**WHAT TO PRODUCE**. As soon as the line containing "this 1620×1080 image." appears, start repeating lines exactly and continue to the end of the entries; please skip pictures.

**GIVEN DATA**.
________________________________________
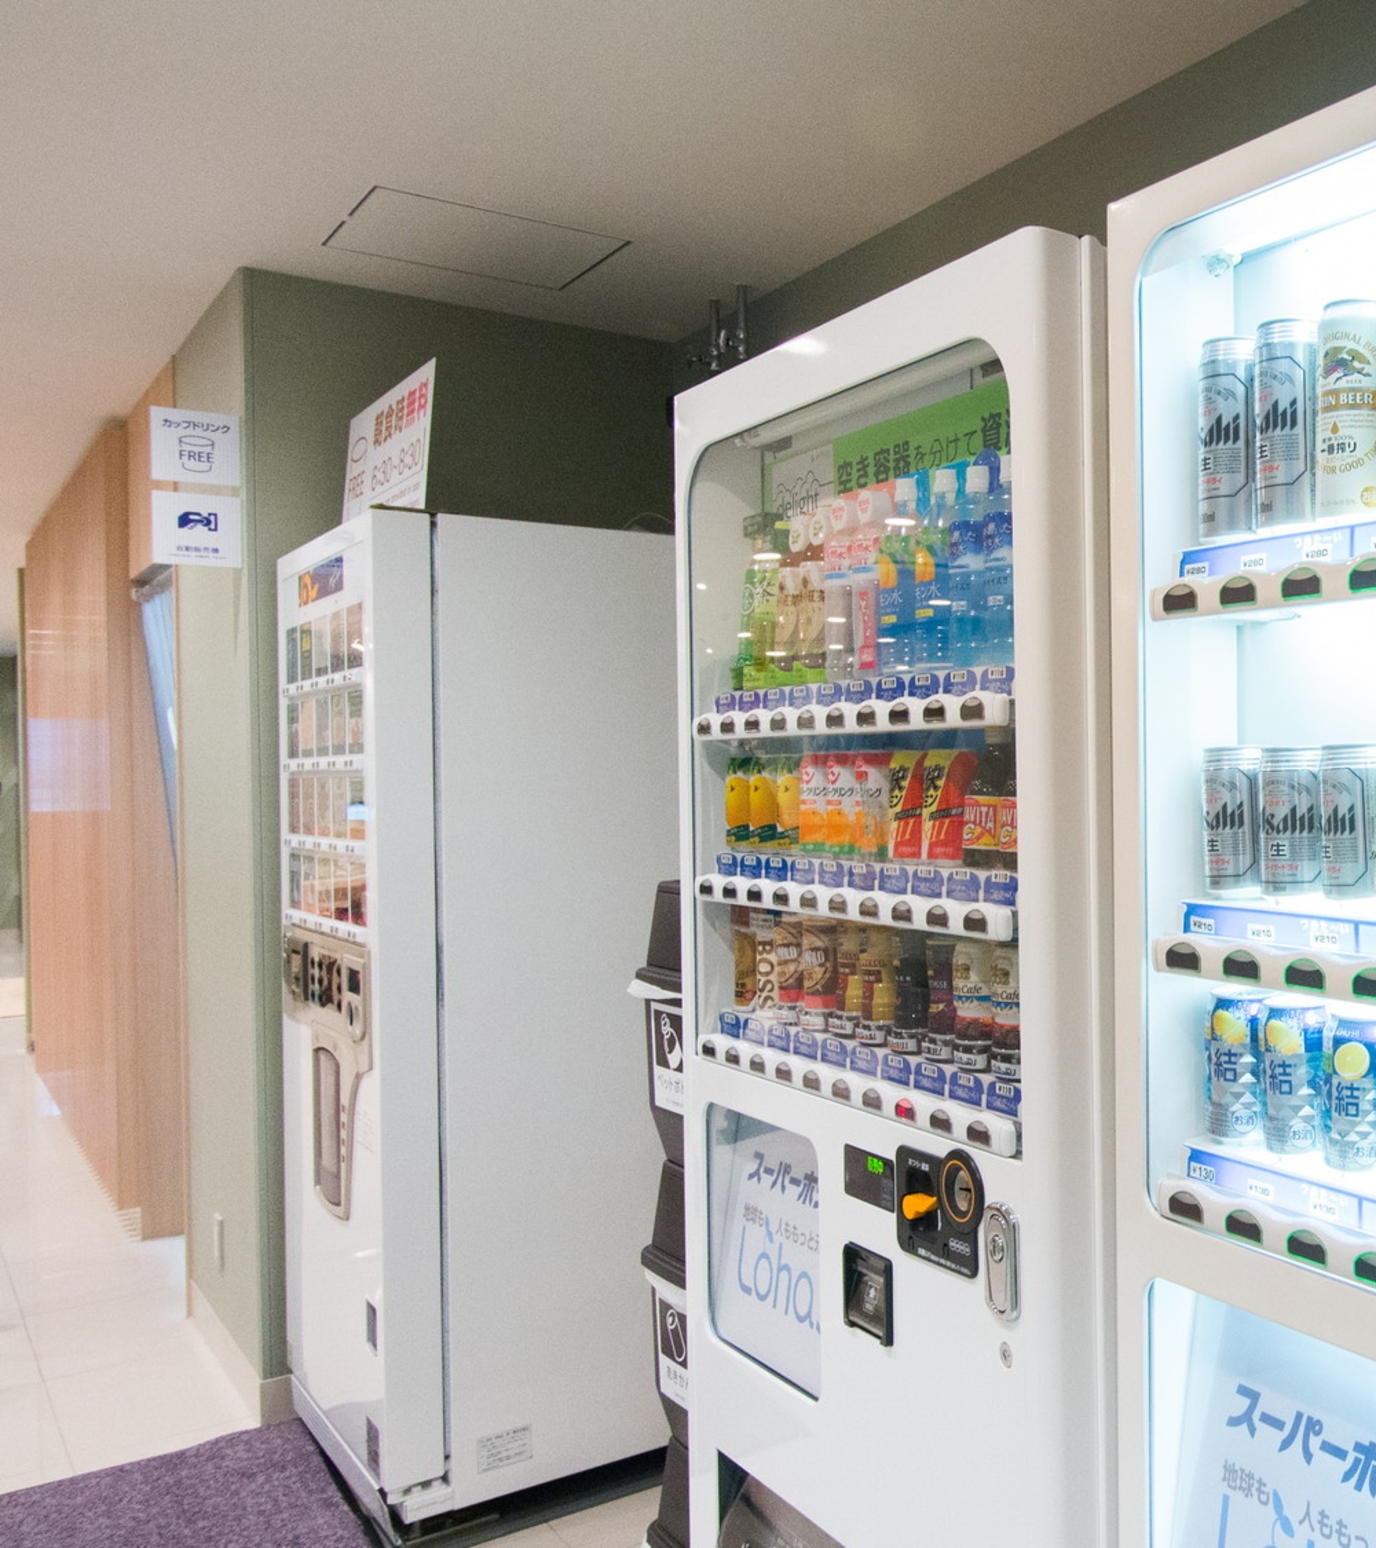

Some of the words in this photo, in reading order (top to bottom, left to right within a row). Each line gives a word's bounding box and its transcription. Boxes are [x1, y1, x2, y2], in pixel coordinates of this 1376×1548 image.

[1340, 391, 1374, 405] BEER
[161, 418, 230, 434] カップドリンク
[179, 449, 215, 464] FREE
[837, 409, 1010, 495] 空き容器を分けて資
[1339, 457, 1365, 474] GOOD
[1305, 548, 1329, 558] ¥280
[1270, 842, 1287, 857] 生
[1191, 919, 1213, 932] ¥210
[1250, 928, 1272, 939] ¥210
[1313, 933, 1338, 945] ¥210
[757, 940, 775, 1010] BOSS
[961, 984, 982, 994] Cafe
[1213, 1048, 1237, 1083] 結
[1269, 1060, 1293, 1096] 結
[1335, 1082, 1360, 1118] 結
[1233, 1113, 1255, 1127] お酒
[1291, 1127, 1312, 1141] お酒
[1354, 1144, 1376, 1158] お酒
[1192, 1164, 1214, 1182] ¥130
[1312, 1204, 1336, 1216] ¥130
[738, 1225, 820, 1334] Loha
[1222, 1459, 1270, 1507] 地球も
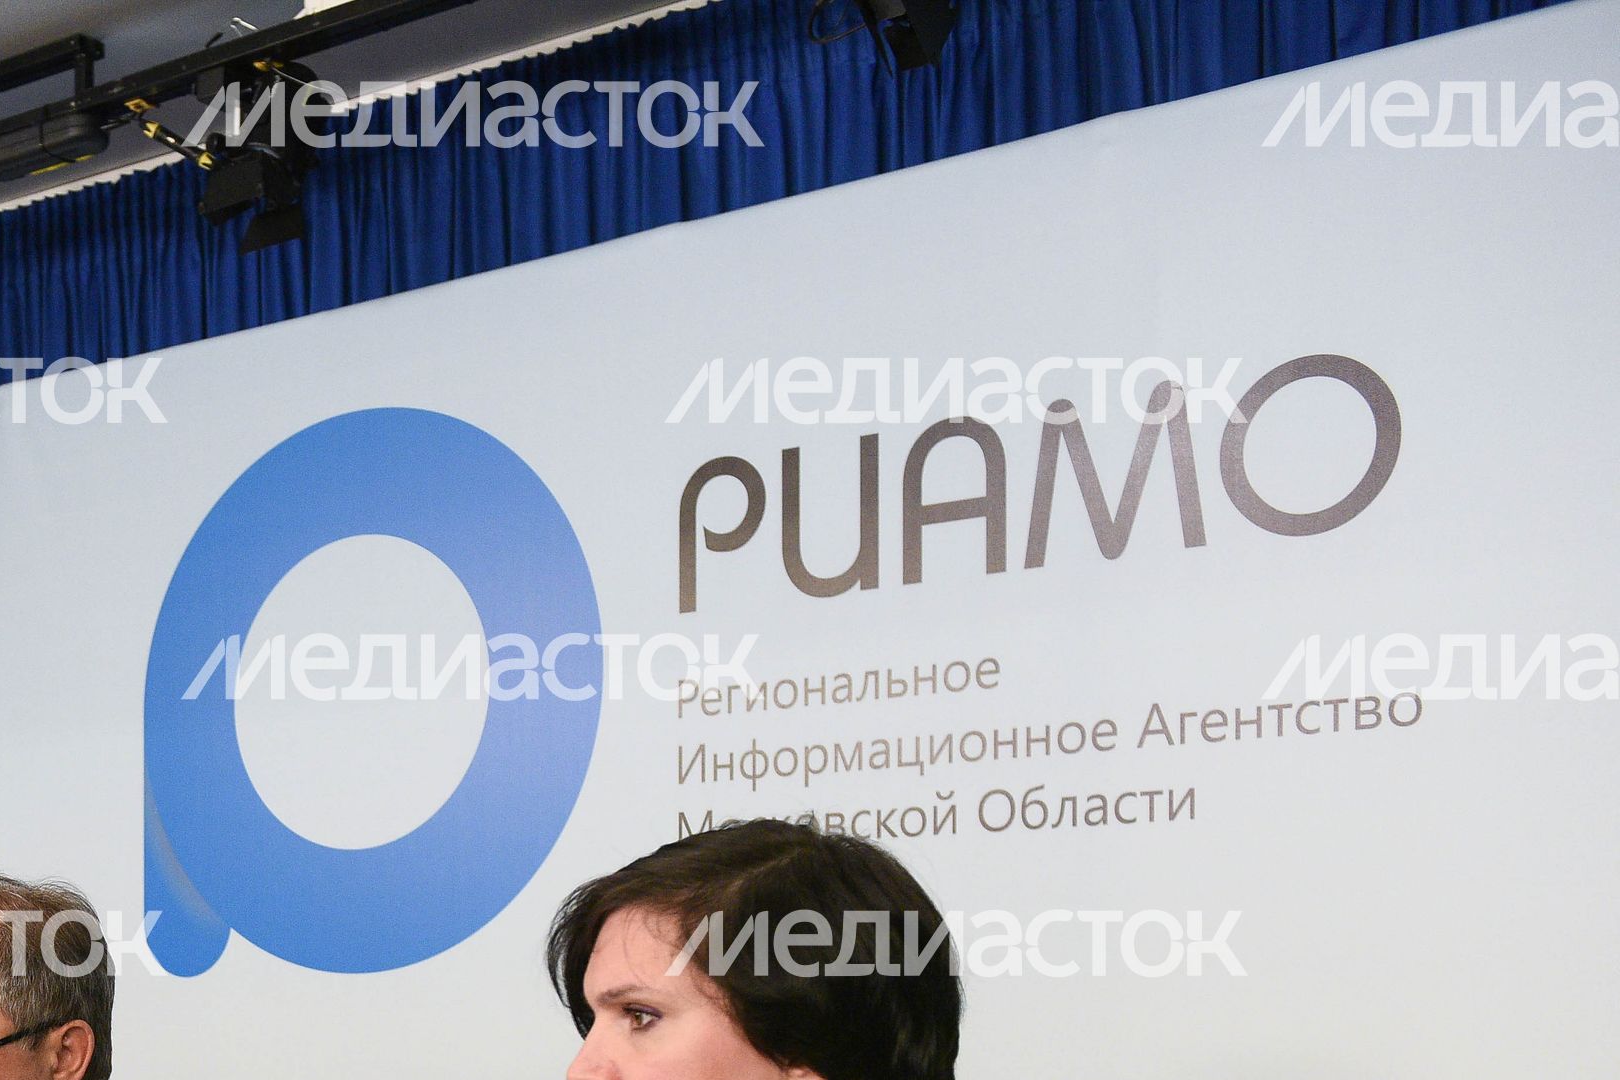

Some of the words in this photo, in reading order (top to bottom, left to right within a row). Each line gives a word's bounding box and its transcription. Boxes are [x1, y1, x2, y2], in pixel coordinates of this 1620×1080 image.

[678, 353, 1402, 613] РИАМО
[677, 654, 1002, 719] Региональное
[677, 716, 1119, 792] Информационное
[1137, 688, 1424, 749] Агентство
[978, 784, 1198, 832] Области
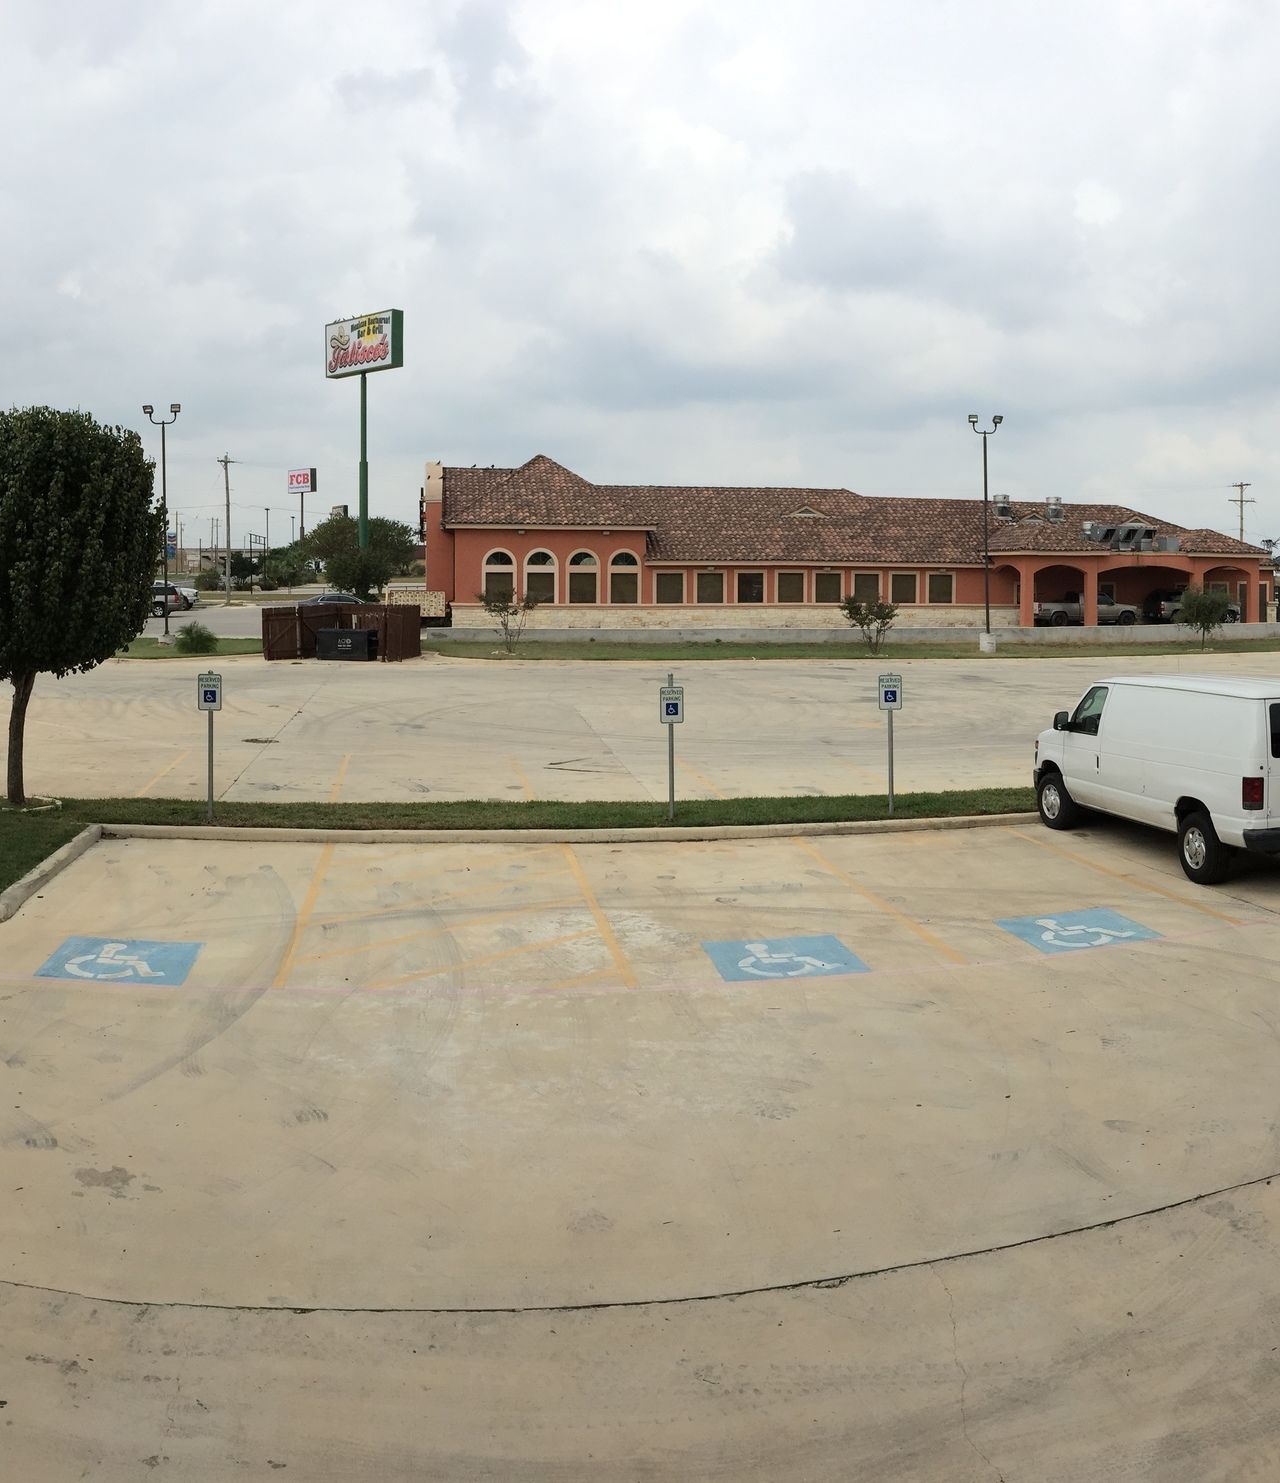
________________________________________
**ANSWER SPACE**.
Some of the words in this photo, in reading order (top to bottom, left to right within a row). Each line gives a word's bounding box and its transcription. Boxes are [x1, y1, x2, y2], in pixel coordinates of this 1620×1080 image.

[678, 353, 1402, 613] РИАМО
[677, 654, 1002, 719] Региональное
[677, 716, 1119, 792] Информационное
[1137, 688, 1424, 749] Агентство
[978, 784, 1198, 832] Области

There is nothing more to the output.